┌──

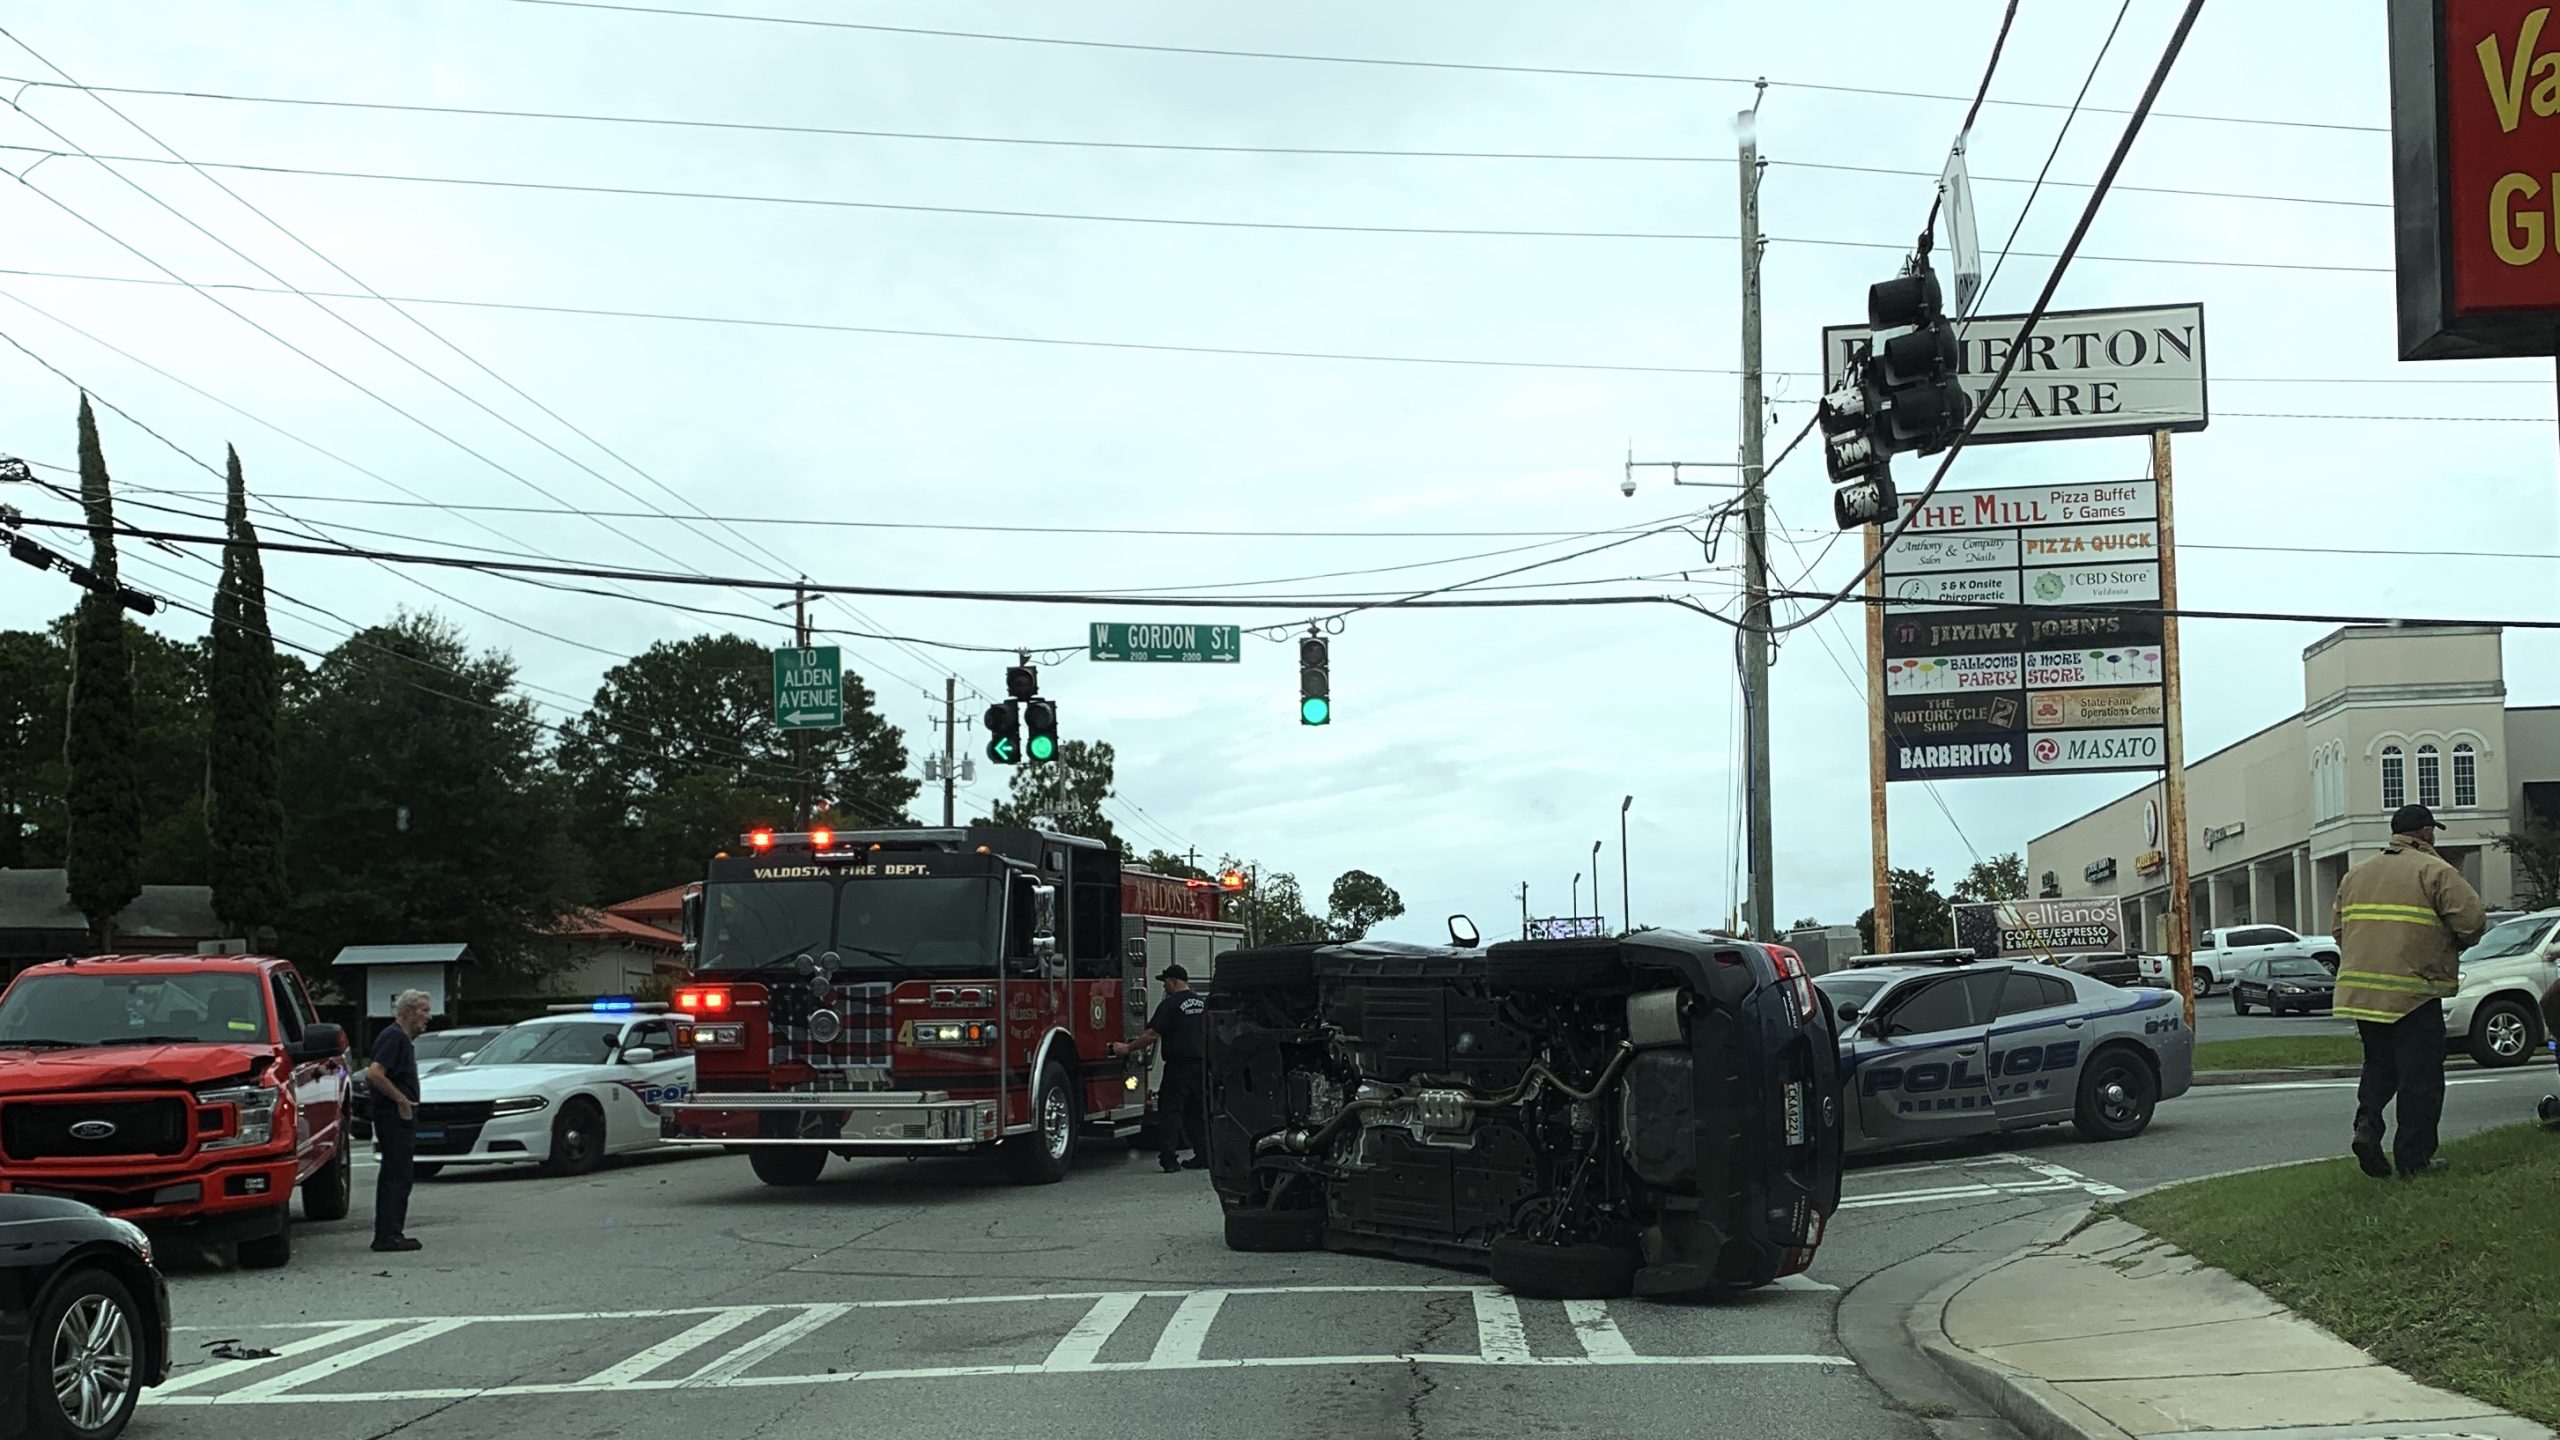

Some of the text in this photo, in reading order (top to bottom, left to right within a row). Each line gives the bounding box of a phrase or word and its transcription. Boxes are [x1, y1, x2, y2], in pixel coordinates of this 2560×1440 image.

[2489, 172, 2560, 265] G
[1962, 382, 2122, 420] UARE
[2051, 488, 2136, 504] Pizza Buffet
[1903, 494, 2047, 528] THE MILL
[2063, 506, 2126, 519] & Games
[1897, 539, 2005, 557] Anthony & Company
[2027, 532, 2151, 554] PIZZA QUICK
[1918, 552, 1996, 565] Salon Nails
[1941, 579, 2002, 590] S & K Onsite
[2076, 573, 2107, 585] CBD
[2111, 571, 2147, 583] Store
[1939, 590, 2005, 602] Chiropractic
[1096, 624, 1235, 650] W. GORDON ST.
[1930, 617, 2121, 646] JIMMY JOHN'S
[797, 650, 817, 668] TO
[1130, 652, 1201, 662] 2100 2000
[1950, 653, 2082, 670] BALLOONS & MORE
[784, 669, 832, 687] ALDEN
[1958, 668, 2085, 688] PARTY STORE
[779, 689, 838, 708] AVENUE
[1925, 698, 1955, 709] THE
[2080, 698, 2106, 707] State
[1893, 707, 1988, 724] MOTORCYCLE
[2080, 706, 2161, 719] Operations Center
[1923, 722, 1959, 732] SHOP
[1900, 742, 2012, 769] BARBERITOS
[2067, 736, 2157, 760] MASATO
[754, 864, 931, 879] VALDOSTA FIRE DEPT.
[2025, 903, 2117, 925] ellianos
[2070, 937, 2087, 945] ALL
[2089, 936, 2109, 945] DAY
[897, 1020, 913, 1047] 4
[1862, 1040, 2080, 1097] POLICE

└──

### Assignment
All of the entries above need to be transcribed exactly, except for the pictures.

### Answer section
Some of the text in this photo, in reading order (top to bottom, left to right within a row). Each line gives the bounding box of a phrase or word and its transcription. Boxes are [x1, y1, x2, y2], in pixel coordinates of this 2560×1440 image.

[2489, 172, 2560, 265] G
[1962, 382, 2122, 420] UARE
[2051, 488, 2136, 504] Pizza Buffet
[1903, 494, 2047, 528] THE MILL
[2063, 506, 2126, 519] & Games
[1897, 539, 2005, 557] Anthony & Company
[2027, 532, 2151, 554] PIZZA QUICK
[1918, 552, 1996, 565] Salon Nails
[1941, 579, 2002, 590] S & K Onsite
[2076, 573, 2107, 585] CBD
[2111, 571, 2147, 583] Store
[1939, 590, 2005, 602] Chiropractic
[1096, 624, 1235, 650] W. GORDON ST.
[1930, 617, 2121, 646] JIMMY JOHN'S
[797, 650, 817, 668] TO
[1130, 652, 1201, 662] 2100 2000
[1950, 653, 2082, 670] BALLOONS & MORE
[784, 669, 832, 687] ALDEN
[1958, 668, 2085, 688] PARTY STORE
[779, 689, 838, 708] AVENUE
[1925, 698, 1955, 709] THE
[2080, 698, 2106, 707] State
[1893, 707, 1988, 724] MOTORCYCLE
[2080, 706, 2161, 719] Operations Center
[1923, 722, 1959, 732] SHOP
[1900, 742, 2012, 769] BARBERITOS
[2067, 736, 2157, 760] MASATO
[754, 864, 931, 879] VALDOSTA FIRE DEPT.
[2025, 903, 2117, 925] ellianos
[2070, 937, 2087, 945] ALL
[2089, 936, 2109, 945] DAY
[897, 1020, 913, 1047] 4
[1862, 1040, 2080, 1097] POLICE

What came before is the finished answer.